Весь следующий день на работе она делала что-то на автопилоте и почти ни с кем не разговаривала. Мысли бросало из крайности в крайность. Ей хотелось, чтобы он наконец задумался. Он умный, но он не видит и на шаг вперёд. Если сейчас ничего не изменить, он вырастет замкнутым очкариком без друзей и без семьи, а общество жестоко: оно вытолкнет его на обочину. Даже если он устроится в приличную фирму вроде её собственной, самое большее, что ему светит, — целый день бегать по кабинетам и чинить компьютеры людям, которые получают в разы больше. К нему так и будут относиться — как к прислуге.
Она хотела бы для него другого. Колледж, финансовый профиль, к двадцати пяти хорошая должность. Она сама прошла этот путь на ощупь и знает, где там ямы.
Она уже даже видела карточку: Томас Лэнг, аналитик, номер корпоративного телефона, факс, электронная почта.
Фамилия у него была отцовская. Больше от отца ничего не осталось, и Мария уже давно перестала считать это несправедливым.
До того как у него появился свой компьютер, он ходил к ней на работу.
Началось это от безвыходности — не с кем было оставить на каникулах, — а потом он стал проситься сам. Она усаживала его в углу за пустующее рабочее место, за которым с весны никто не сидел, и поглядывала на него между заявками. Он не скучал ни минуты. Ко второму разу он знал в лицо всех, кто заходил в кабинет, и знал, кто из них чем занят: этот считает, эта звонит клиентам, а вот эти двое ходят с отвёрткой и меняют картриджи в принтерах. Кто-то из отдела сказал ей тогда: слушай, а мальчик у тебя толковый. Она весь день ходила счастливая.

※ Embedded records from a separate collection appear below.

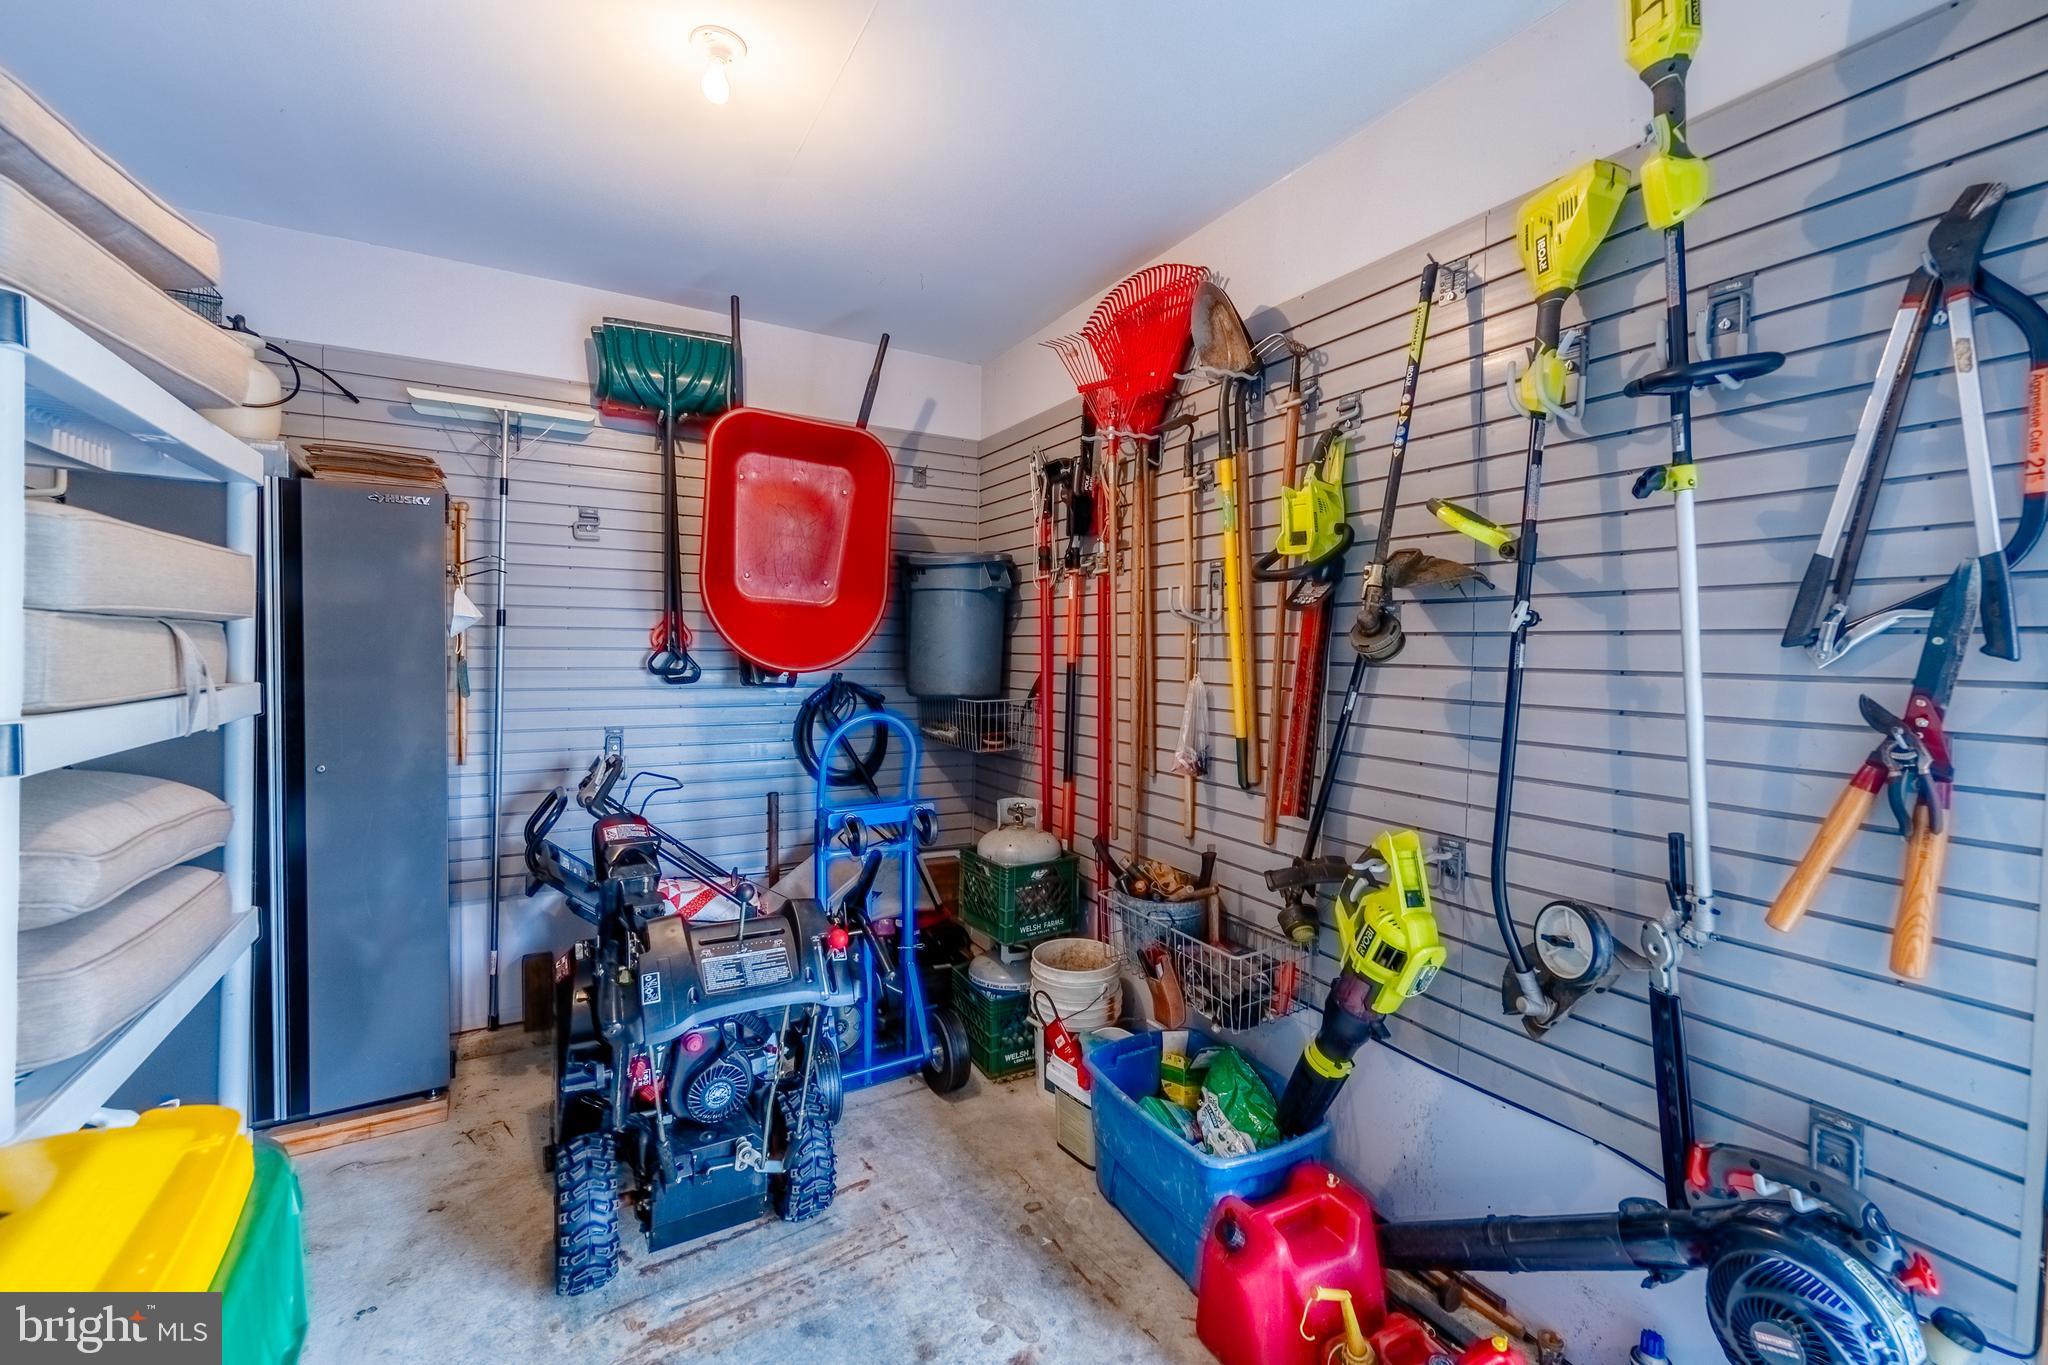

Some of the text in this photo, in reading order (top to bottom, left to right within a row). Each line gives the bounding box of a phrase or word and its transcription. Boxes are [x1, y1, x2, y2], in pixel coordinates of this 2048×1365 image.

[1537, 236, 1548, 272] RYOBI
[1405, 365, 1414, 386] RYOBI
[2030, 430, 2043, 453] Cuts
[384, 494, 430, 505] HUSKY
[1020, 918, 1065, 934] WELSH FARMS
[1357, 927, 1375, 956] RYOBI
[1004, 1049, 1029, 1062] WELSH
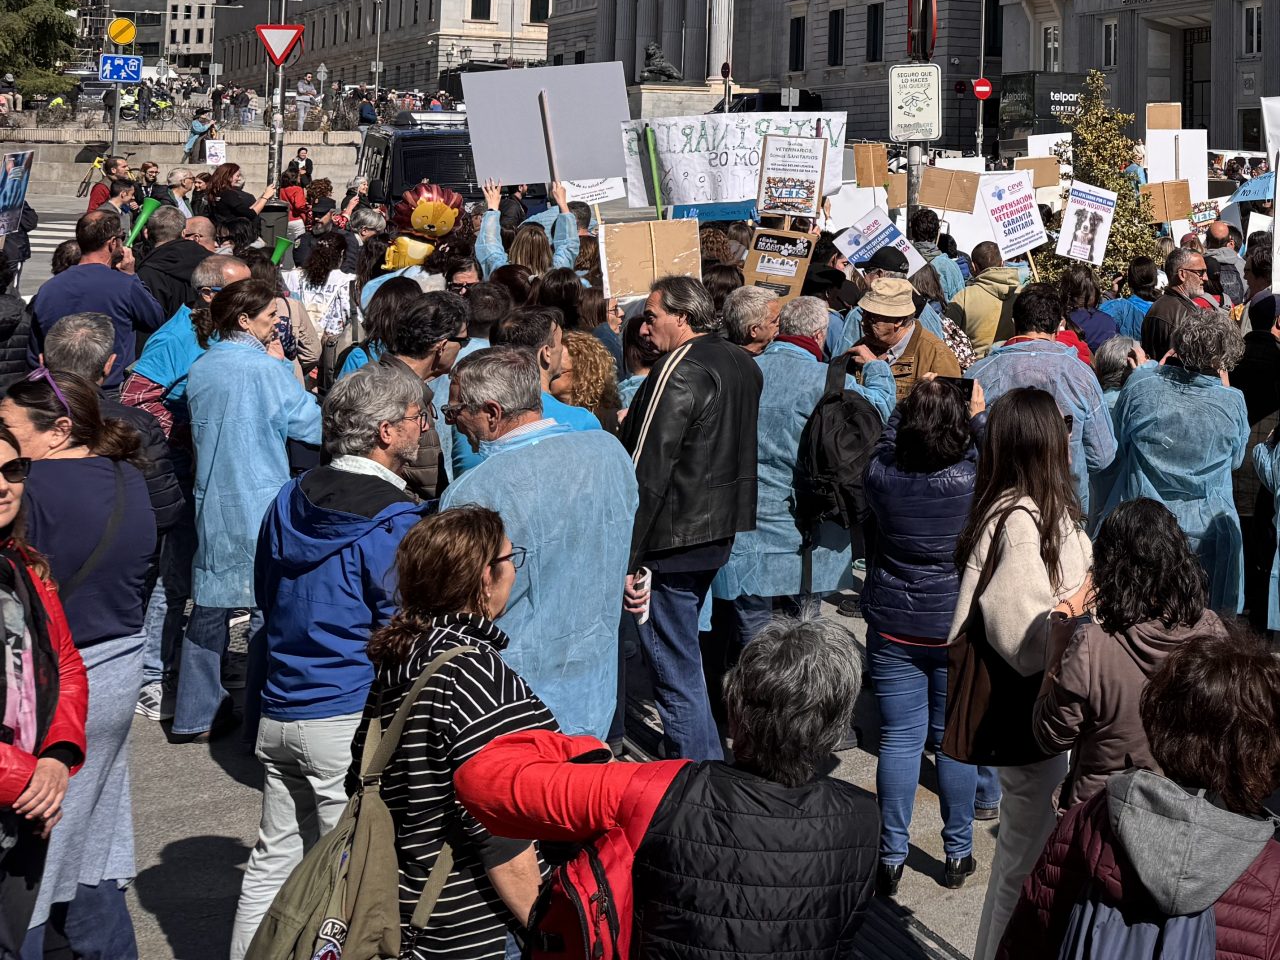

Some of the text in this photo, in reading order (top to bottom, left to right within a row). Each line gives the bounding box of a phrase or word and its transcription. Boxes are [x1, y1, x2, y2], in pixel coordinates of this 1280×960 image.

[771, 187, 809, 198] VETS
[1007, 180, 1023, 192] ceve
[990, 193, 1033, 216] DISPENSACIÓN
[994, 202, 1034, 223] VETERINARIA
[1192, 209, 1217, 222] VETS
[862, 219, 880, 235] ceve
[1003, 219, 1034, 237] SANITARIA
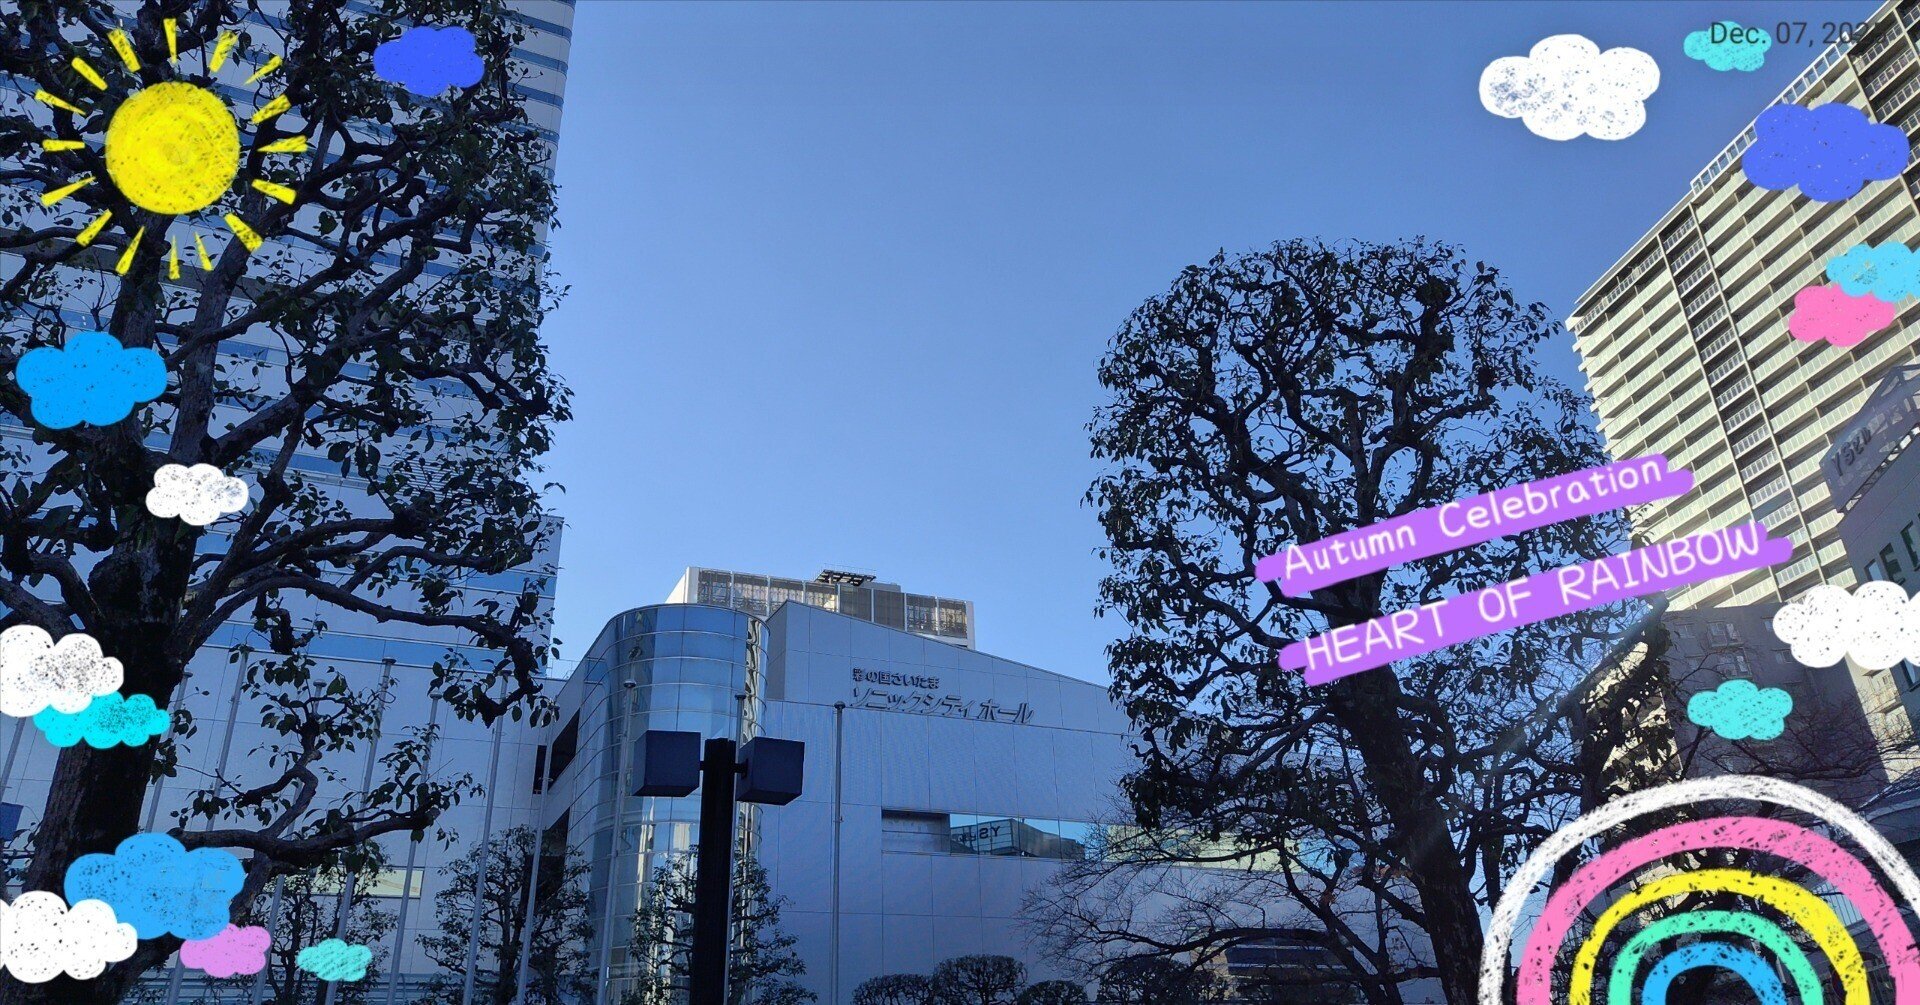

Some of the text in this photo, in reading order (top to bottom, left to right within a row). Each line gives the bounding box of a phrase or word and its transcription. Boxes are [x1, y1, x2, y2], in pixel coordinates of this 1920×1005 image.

[852, 667, 940, 690] 彩の国さいたま
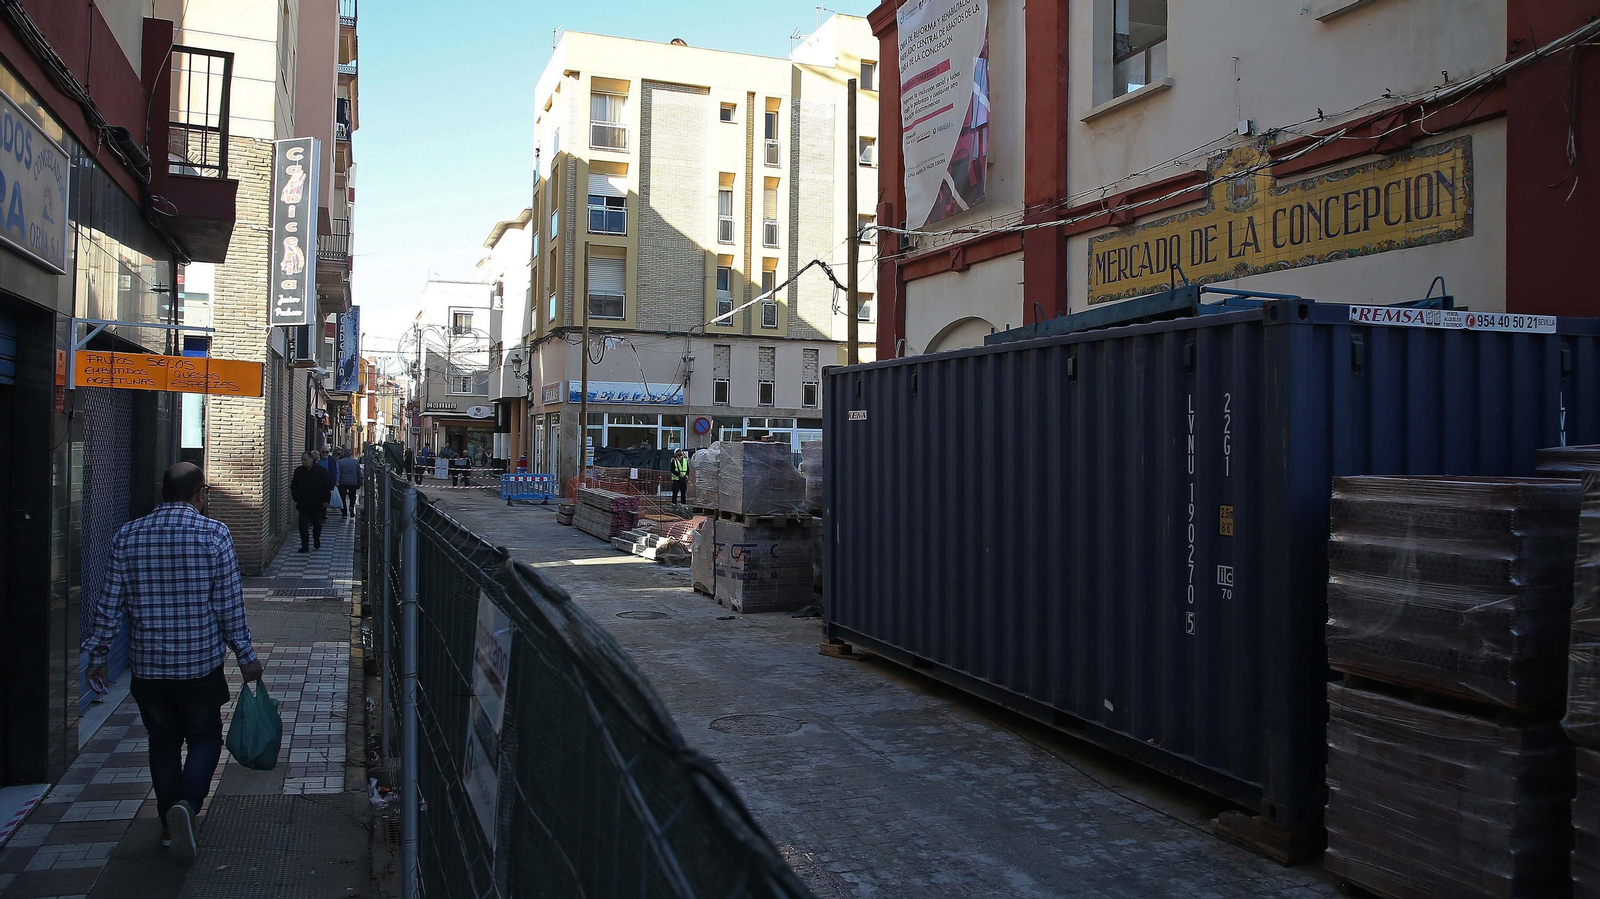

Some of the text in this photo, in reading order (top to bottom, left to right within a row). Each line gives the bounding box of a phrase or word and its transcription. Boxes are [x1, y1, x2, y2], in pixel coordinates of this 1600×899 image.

[913, 22, 937, 39] REFORMA
[917, 34, 939, 50] CENTRAL
[939, 28, 945, 37] DE
[945, 14, 965, 33] ABASTOS
[965, 9, 972, 19] DE
[972, 3, 981, 14] LA
[914, 54, 921, 63] LA
[1095, 234, 1181, 286] MERCADO
[1190, 224, 1217, 267] DE
[1227, 216, 1261, 259] LA
[1358, 307, 1425, 324] REMSA
[1477, 315, 1538, 329] 954 40 50 21
[1538, 319, 1555, 327] SEVILLA
[86, 354, 194, 370] FRUTOS SECOS
[84, 367, 220, 380] EMBUTIDOS QUESOS
[86, 377, 240, 392] ACEITUNAS ESPECIES
[1187, 394, 1195, 475] LVNU
[1223, 392, 1231, 477] 22G1
[1187, 482, 1195, 604] 190270
[1221, 588, 1233, 600] 70
[1187, 612, 1195, 633] 5

В прошлом году, на тринадцатилетие, он попросил компьютер.
Тогда она даже обрадовалась. Она и сама сидела за компьютером каждый рабочий день, следила по нему за котировками и отправляла через E*TRADE поручения на покупку и продажу, и хорошо помнила, что ещё несколько лет назад всё это было уделом странных людей, говоривших на непонятном языке. Сын потянулся туда, где будущее, — что может быть лучше.
Они поехали в ближайший Fry’s и провели там больше часа. Характеристики казались ей бессмысленным набором букв и цифр, инопланетным шифром. Продавец полчаса подводил их к самому дорогому «Макинтошу» в магазине — плоскому, на подставке, с колонками, выпущенному к юбилеею фирмы; он и правда выглядел как гость из будущего среди одинаковых серых ящиков и стоил втрое дороже. Мария почти согласилась — просто потому, что он был красивый.
Спас положение Томас. Он задал продавцу несколько вопросов на том самом непонятном языке, чем заметно того смутил, а потом спокойно показал на неприметный серый ящик, ничем не отличавшийся от соседних. Продавец с уважением одобрил выбор и даже забыл, что должен продать то, что подороже; он принялся рассказывать Томасу про какие-то дополнительные возможности этой машины, и Томас слушал его как равный равного.
По дороге домой сын не умолкал. И объяснил свой выбор так, что она запомнила: важно не то, какой компьютер красивее или мощнее, а то, чтобы у как можно большего числа знакомых были такие же. Тогда всегда есть у кого спросить, если что-то сломается.